В доме номер два, в бывшем здании градоначальства, помещалась Чека. Два пулемета, две железные собаки, подняв морду, стояли в вестибюле. Я показал коменданту письма Вани Калугина, моего унтер-офицера в Шуйском полку. Калугин стал следователем в Чека; он звал меня в письмах.
— Ступай в Аничков, — сказал комендант, — он там теперь…
— Не дойти мне, — и я улыбнулся в ответ.
Невский Млечным путем тек вдаль. Трупы лошадей отмечали его, как верстовые столбы. Поднятыми ногами лошади поддерживали небо, упавшее низко. Раскрытые животы их были чисты и блестели. Старик, похожий на гвардейца, провез мимо меня игрушечные резные сани. Напрягаясь, он вбивал в лед кожаные ноги, на макушке у него сидела тирольская шапочка, бечевка связывала бороду, сунутую в шаль.
— Не дойти мне, — сказал я старику.
Он остановился. Львиное, изрытое лицо его было полно спокойствия. Он подумал о себе и повлек сани дальше.
«Так отпадает необходимость завоевать Петербург», — подумал я и попытался вспомнить имя человека, раздавленного копытами арабских скакунов в самом конце пути. Это был Иегуда Галеви.
Два китайца в котелках, с буханками хлеба под мышками стояли на углу Садовой. Зябким ногтем они отмечали дольки на хлебе и показывали их подходившим проституткам. Женщины безмолвным парадом проходили мимо них.
У Аничкова моста, у Клодтовых коней, я присел на выступ статуи.
Локоть мой подвернулся под голову, я растянулся на полированной плите, но гранит опалил меня, выстрелил мною, ударил и бросил вперед, ко дворцу.

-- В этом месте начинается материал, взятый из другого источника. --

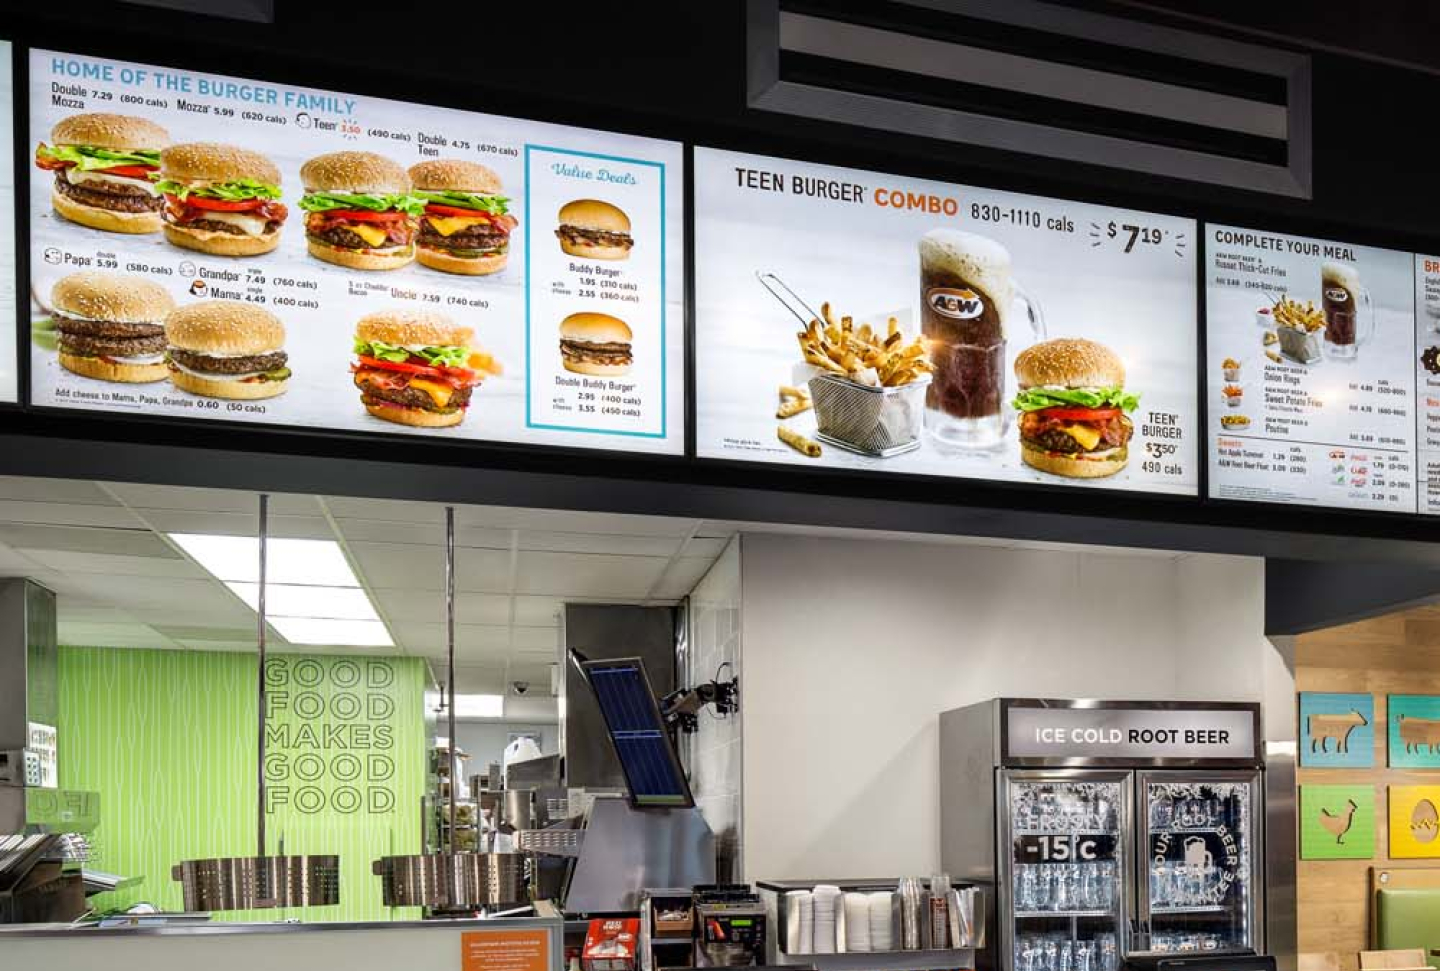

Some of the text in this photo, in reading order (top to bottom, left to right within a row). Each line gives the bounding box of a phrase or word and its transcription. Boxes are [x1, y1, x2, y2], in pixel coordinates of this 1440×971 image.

[51, 82, 168, 109] Double 7.29 (800 cals)
[52, 58, 356, 115] HOME OF THE BURGER FAMILY
[51, 95, 84, 110] Mozza
[176, 98, 209, 114] Mozza
[213, 107, 234, 118] 5.99
[314, 118, 337, 131] Teen
[418, 131, 447, 147] Double
[452, 140, 471, 150] 4.75
[418, 144, 439, 157] Teen
[551, 162, 636, 185] Value Deals
[735, 166, 785, 193] TEEN
[792, 176, 866, 204] BURGER
[874, 187, 958, 217] COMBO
[971, 202, 1041, 228] 830-1110
[1046, 215, 1074, 234] cals
[1215, 230, 1357, 262] COMPLETE YOUR MEAL
[64, 252, 92, 267] Papa
[97, 258, 118, 270] 5.99
[569, 262, 621, 279] Buddy Burger
[199, 267, 240, 282] Grandpa
[245, 275, 266, 285] 7.49
[211, 287, 242, 300] Mama
[245, 295, 266, 304] 4.49
[391, 287, 417, 300] Uncle
[555, 376, 635, 393] Double Buddy Burger
[55, 388, 70, 398] Add
[72, 390, 99, 400] cheese
[101, 393, 110, 401] to
[196, 401, 219, 411] 0.60
[1148, 411, 1178, 426] TEEN
[1141, 424, 1183, 440] BURGER
[1141, 461, 1183, 475] 490 cals
[264, 657, 395, 689] GOOD
[264, 690, 396, 721] FOOD
[264, 723, 395, 750] MAKES
[1035, 727, 1230, 744] ICE COLD ROOT BEER
[264, 752, 396, 783] GOOD
[265, 785, 396, 814] FOOD
[1154, 814, 1239, 867] OUR ROOT BEER

В боковом, брусничного цвета, флигеле дверь была раскрыта. Голубой рожок блестел над заснувшим в креслах лакеем. В морщинистом чернильно-мертвенном лице спадала губа, облитая светом гимнастерка без пояса накрывала придворные штаны, шитый золотом позумент. Мохнатая, чернильная стрелка указывала путь к коменданту. Я поднялся по лестнице и прошел пустые низкие комнаты. Женщины, написанные черно и сумрачно, водили хороводы на потолках и стенах. Металлические сетки затягивали окна, на рамах висели отбитые шпингалеты. В конце анфилады, освещенный точно на сцене, сидел за столом в кружке соломенных мужицких волос Калугин. Перед ним на столе горою лежали детские игрушки, разноцветные тряпицы, изорванные книги с картинками.